======== DATA UNDER STUDY

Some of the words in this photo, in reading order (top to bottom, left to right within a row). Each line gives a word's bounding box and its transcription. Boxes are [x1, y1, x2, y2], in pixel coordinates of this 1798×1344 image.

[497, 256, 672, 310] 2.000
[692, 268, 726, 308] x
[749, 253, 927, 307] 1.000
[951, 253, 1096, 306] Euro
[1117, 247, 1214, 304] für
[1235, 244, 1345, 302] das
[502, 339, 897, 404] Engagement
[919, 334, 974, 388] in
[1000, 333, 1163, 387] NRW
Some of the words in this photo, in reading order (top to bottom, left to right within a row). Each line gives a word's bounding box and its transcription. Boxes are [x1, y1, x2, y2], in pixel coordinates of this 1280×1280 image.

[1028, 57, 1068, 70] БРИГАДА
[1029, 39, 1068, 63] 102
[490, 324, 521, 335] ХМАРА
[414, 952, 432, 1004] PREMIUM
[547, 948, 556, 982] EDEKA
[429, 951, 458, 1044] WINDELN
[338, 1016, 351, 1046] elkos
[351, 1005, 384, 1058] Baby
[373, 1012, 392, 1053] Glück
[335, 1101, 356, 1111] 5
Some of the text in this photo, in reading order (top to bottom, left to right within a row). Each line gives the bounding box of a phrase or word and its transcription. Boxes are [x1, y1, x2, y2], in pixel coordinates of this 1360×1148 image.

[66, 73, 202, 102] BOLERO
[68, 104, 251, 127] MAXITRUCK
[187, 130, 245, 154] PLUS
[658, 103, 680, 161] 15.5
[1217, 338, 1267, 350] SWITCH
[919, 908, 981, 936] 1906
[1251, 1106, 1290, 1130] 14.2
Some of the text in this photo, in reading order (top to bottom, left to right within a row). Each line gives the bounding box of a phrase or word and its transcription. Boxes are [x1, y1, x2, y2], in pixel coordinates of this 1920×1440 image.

================

• _ACTION ITEM_
Return the whole listing as it stands. Nothing may be altered.

• _RESPONSE FOR THIS EXERCISE_
Some of the words in this photo, in reading order (top to bottom, left to right within a row). Each line gives a word's bounding box and its transcription. Boxes are [x1, y1, x2, y2], in pixel coordinates of this 1798×1344 image.

[497, 256, 672, 310] 2.000
[692, 268, 726, 308] x
[749, 253, 927, 307] 1.000
[951, 253, 1096, 306] Euro
[1117, 247, 1214, 304] für
[1235, 244, 1345, 302] das
[502, 339, 897, 404] Engagement
[919, 334, 974, 388] in
[1000, 333, 1163, 387] NRW
Some of the words in this photo, in reading order (top to bottom, left to right within a row). Each line gives a word's bounding box and its transcription. Boxes are [x1, y1, x2, y2], in pixel coordinates of this 1280×1280 image.

[1028, 57, 1068, 70] БРИГАДА
[1029, 39, 1068, 63] 102
[490, 324, 521, 335] ХМАРА
[414, 952, 432, 1004] PREMIUM
[547, 948, 556, 982] EDEKA
[429, 951, 458, 1044] WINDELN
[338, 1016, 351, 1046] elkos
[351, 1005, 384, 1058] Baby
[373, 1012, 392, 1053] Glück
[335, 1101, 356, 1111] 5
Some of the text in this photo, in reading order (top to bottom, left to right within a row). Each line gives the bounding box of a phrase or word and its transcription. Boxes are [x1, y1, x2, y2], in pixel coordinates of this 1360×1148 image.

[66, 73, 202, 102] BOLERO
[68, 104, 251, 127] MAXITRUCK
[187, 130, 245, 154] PLUS
[658, 103, 680, 161] 15.5
[1217, 338, 1267, 350] SWITCH
[919, 908, 981, 936] 1906
[1251, 1106, 1290, 1130] 14.2
Some of the text in this photo, in reading order (top to bottom, left to right within a row). Each line gives the bounding box of a phrase or word and its transcription. Boxes are [x1, y1, x2, y2], in pixel coordinates of this 1920×1440 image.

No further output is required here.